## EXERCISE AIM:
Retype the whole listing exactly. Leave out pictures.

## INFORMATION SHOWN:
[Start of section]

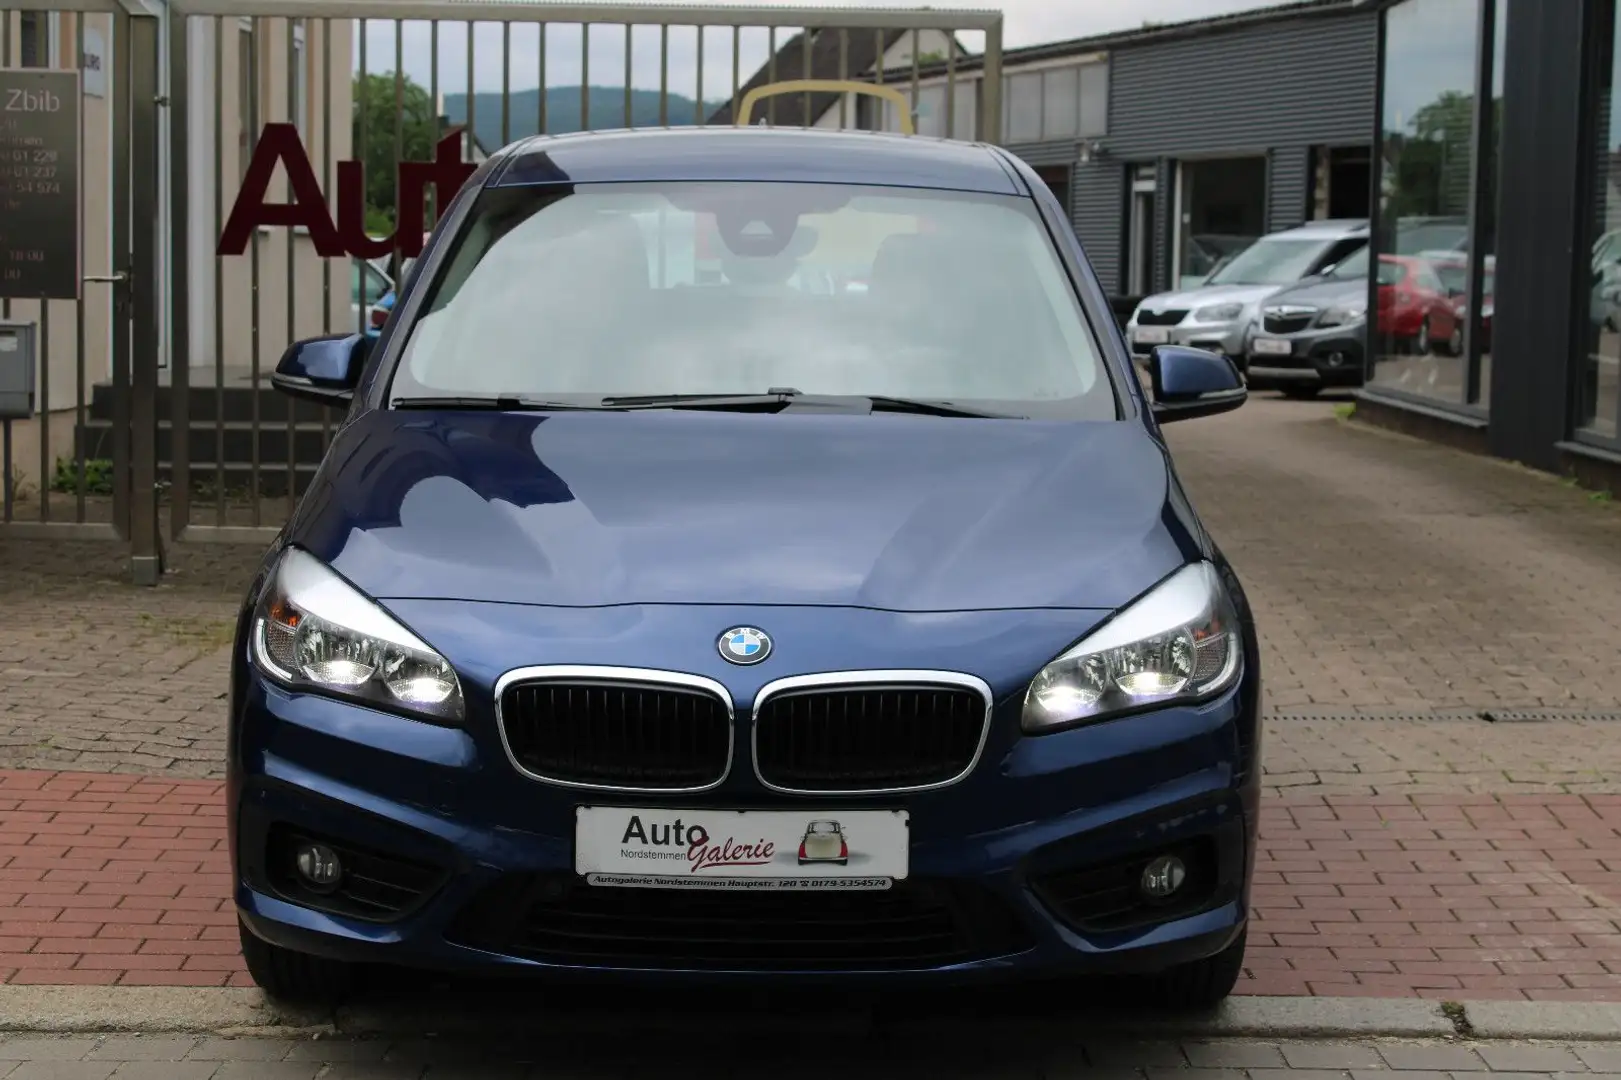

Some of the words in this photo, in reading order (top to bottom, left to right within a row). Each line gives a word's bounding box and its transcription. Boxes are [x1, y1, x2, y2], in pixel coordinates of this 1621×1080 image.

[4, 88, 60, 112] Zbib
[621, 816, 707, 847] Auto
[687, 835, 775, 873] Galerie
[620, 849, 687, 861] Nordstemmen
[594, 875, 652, 886] Autogalerie
[653, 878, 726, 888] Nordstemmen
[727, 879, 775, 889] Hauptstr.
[778, 879, 797, 888] 120
[811, 879, 886, 888] 0179-5354574
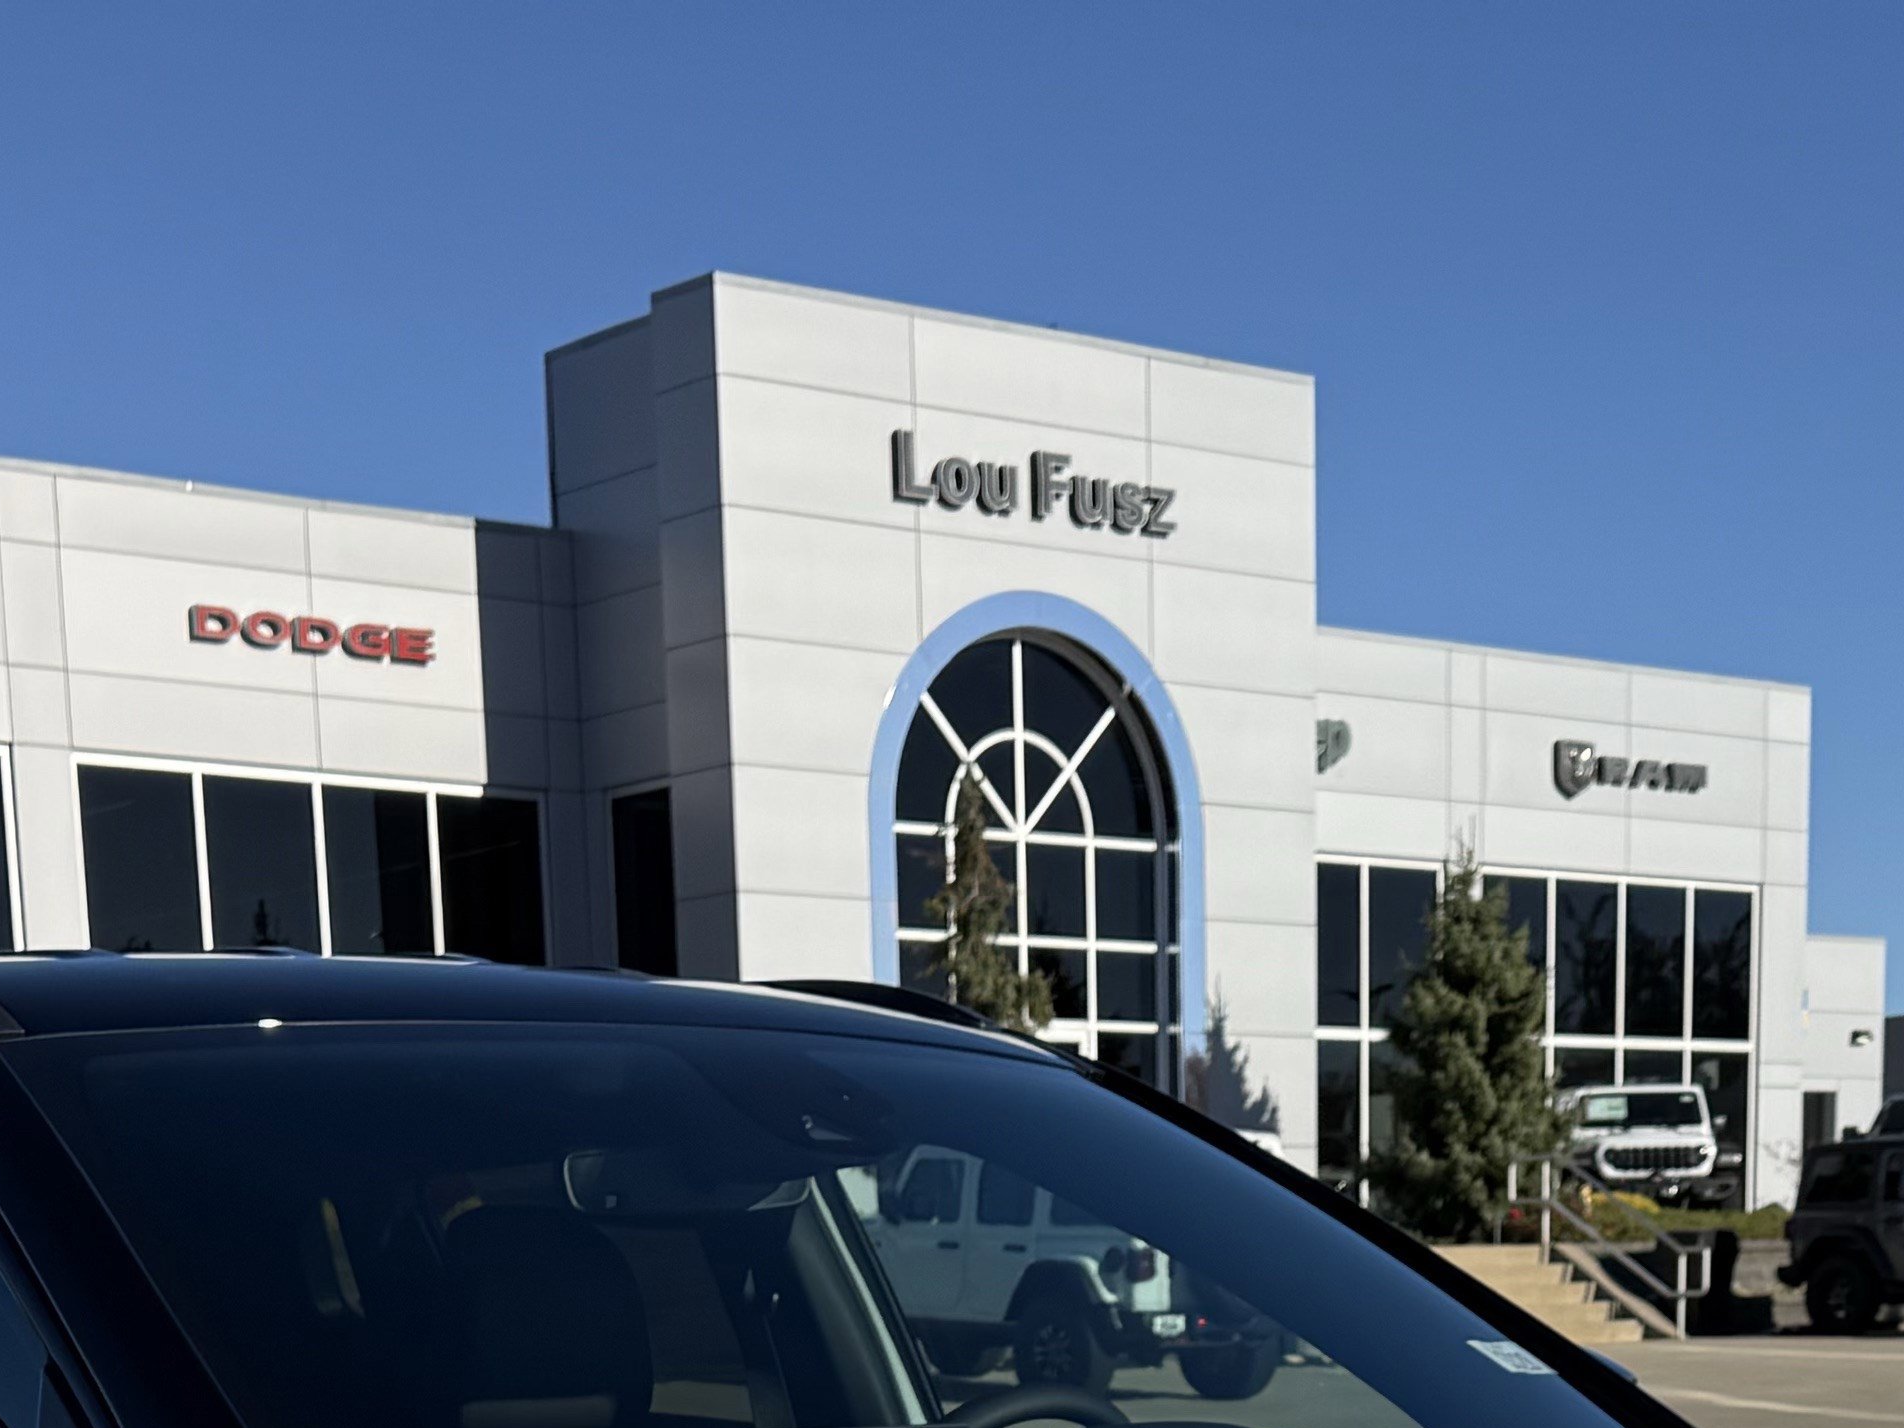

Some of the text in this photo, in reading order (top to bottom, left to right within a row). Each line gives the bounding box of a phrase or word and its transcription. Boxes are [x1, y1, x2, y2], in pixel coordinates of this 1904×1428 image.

[891, 429, 1177, 539] Lou Fusz
[188, 604, 436, 668] DODGE

[End of section]

## RESPONSE TO THE TASK:
Some of the words in this photo, in reading order (top to bottom, left to right within a row). Each line gives a word's bounding box and its transcription. Boxes are [x1, y1, x2, y2], in pixel coordinates of this 1621×1080 image.

[4, 88, 60, 112] Zbib
[621, 816, 707, 847] Auto
[687, 835, 775, 873] Galerie
[620, 849, 687, 861] Nordstemmen
[594, 875, 652, 886] Autogalerie
[653, 878, 726, 888] Nordstemmen
[727, 879, 775, 889] Hauptstr.
[778, 879, 797, 888] 120
[811, 879, 886, 888] 0179-5354574

Some of the text in this photo, in reading order (top to bottom, left to right within a row). Each line gives the bounding box of a phrase or word and its transcription. Boxes are [x1, y1, x2, y2], in pixel coordinates of this 1904×1428 image.

[891, 429, 1177, 539] Lou Fusz
[188, 604, 436, 668] DODGE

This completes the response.